Carlos Fuentes. La zona sagrada.
Aunque nació en la pequeñ a comunidad sonorense de Quiriego, ella siempre se dijo originaria de Álamos, donde fue registrada por sus padres en 1914. La familia se mudó a Guadalajara, así que su infancia y primera juventud se desarrollaron en La Perla Tapatía. Se casó a los 19 y a los 20 años tuvo a su único hijo: Enrique. Pero, como una difícil crónica literaria de pasajes inesperados, la mujer hizo lo opuesto a la historia novelesca común: abandonó a su hijo y a su esposo para buscar fortuna en la Ciudad de México. Impacta a un hombre que la representa y la mete al cine. Su primer crédito en pantalla aparece como María de los Ángeles Félix, aunque pronto se cambiará para ser sólo María Félix, una diva para siempre.
La Doña
Su belleza impacta y la preparan para su lanzamiento. El papel es inmediato para la producción El peñón de las ánimas (1943). Ella encontró el refinamiento verbal, la forma de expresarse, de conducirse con elegancia, gracias, en primer lugar, a Miguel Zacarías, el director, con quien pasó muchos días preparándose para su debut cinematográfico. Zacarías la ayudó a comprender diálogos (combatiendo además su tartamudez) y a desarrollar el arte de la expresión. El resultado de El peñón… no es maravilloso, pero la publicidad destaca “el descubrimiento” de María, una nueva estrella para el cine nacional.

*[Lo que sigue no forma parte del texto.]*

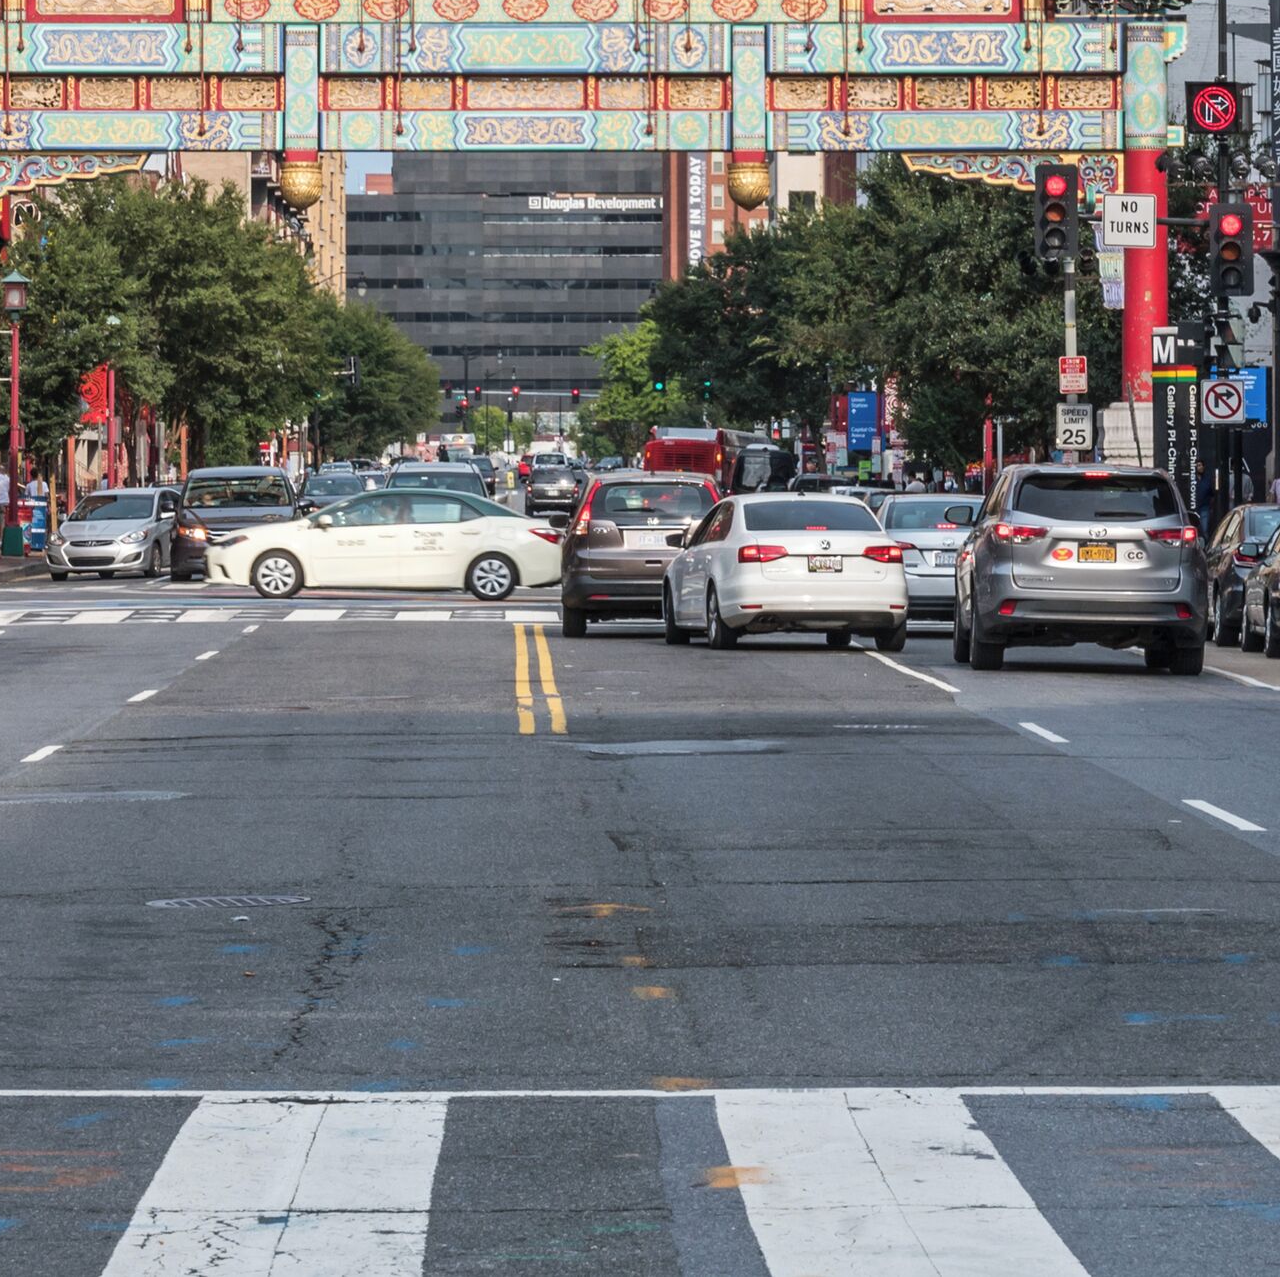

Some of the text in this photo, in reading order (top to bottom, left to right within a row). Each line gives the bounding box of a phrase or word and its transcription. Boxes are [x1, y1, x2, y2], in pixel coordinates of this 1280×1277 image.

[689, 156, 702, 205] TODAY
[543, 196, 586, 212] Douglas
[587, 196, 657, 212] Development
[1121, 201, 1138, 213] NO
[689, 211, 702, 226] IN
[1110, 220, 1149, 234] TURNS
[1153, 336, 1175, 364] M
[1061, 408, 1089, 417] SPEED
[1167, 385, 1176, 427] Gallery
[1189, 384, 1197, 427] Gallery
[1063, 417, 1085, 425] LIMIT
[1062, 429, 1086, 445] 25
[1127, 551, 1144, 560] CC

Admirada, con oficio reconocido y con proyectos a escoger, la actriz se puso un traje perfecto para forjar temple histriónico, personaje de vida y nombre de leyenda cuando aceptó filmar Doña Bárbara (1945), del cineasta Fernando de Fuentes. El papel la colocó en el escenario perfecto adaptando la novela de Rómulo Gallegos. Entonces se vuelve La Doña, la mujer indómita, capaz, nunca segundona, nunca inferior. La historia presenta a la hermosa joven viajando con pescadores, quienes se deshacen con bala del joven que la enamora jugándose “la doncellez de la muchacha”. Con el amor muerto y la virginidad arrebatada, ella deja la inconsciencia para convertirse en alguien más. La figura literaria toca la frase narrativa que la describe y la enmarca: “Ya sólo rencor podrá abrigar su alma y nada aplacará su sombrío aborrecimiento de los hombres”. La celebridad es instantánea. María es admirada, deseada, endiosada en sus gestos, su pose, su altivez, su carácter dominante, su voz firme, su seguridad para hablar y para ver a la cámara, para sonreír a los fotógrafos, para ser para siempre tan Doña y tan Bárbara como el personaje que la hizo ser en el cine y, queda claro, en la vida.
Cintas como María Eugenia (Felipe Gregorio Castillo, 1943), La china poblana (Fernando A. Palacios, 1944), La mujer sin alma (Luis Enrique Galindo, 1944) o La monja Alférez (Emilio Gómez Muriel, 1944) la afirman en un medio del que no estaba convencida, menos después de su primera experiencia siendo atacada y ninguneada por Jorge Negrete, quien no quería de coestelar a una desconocida.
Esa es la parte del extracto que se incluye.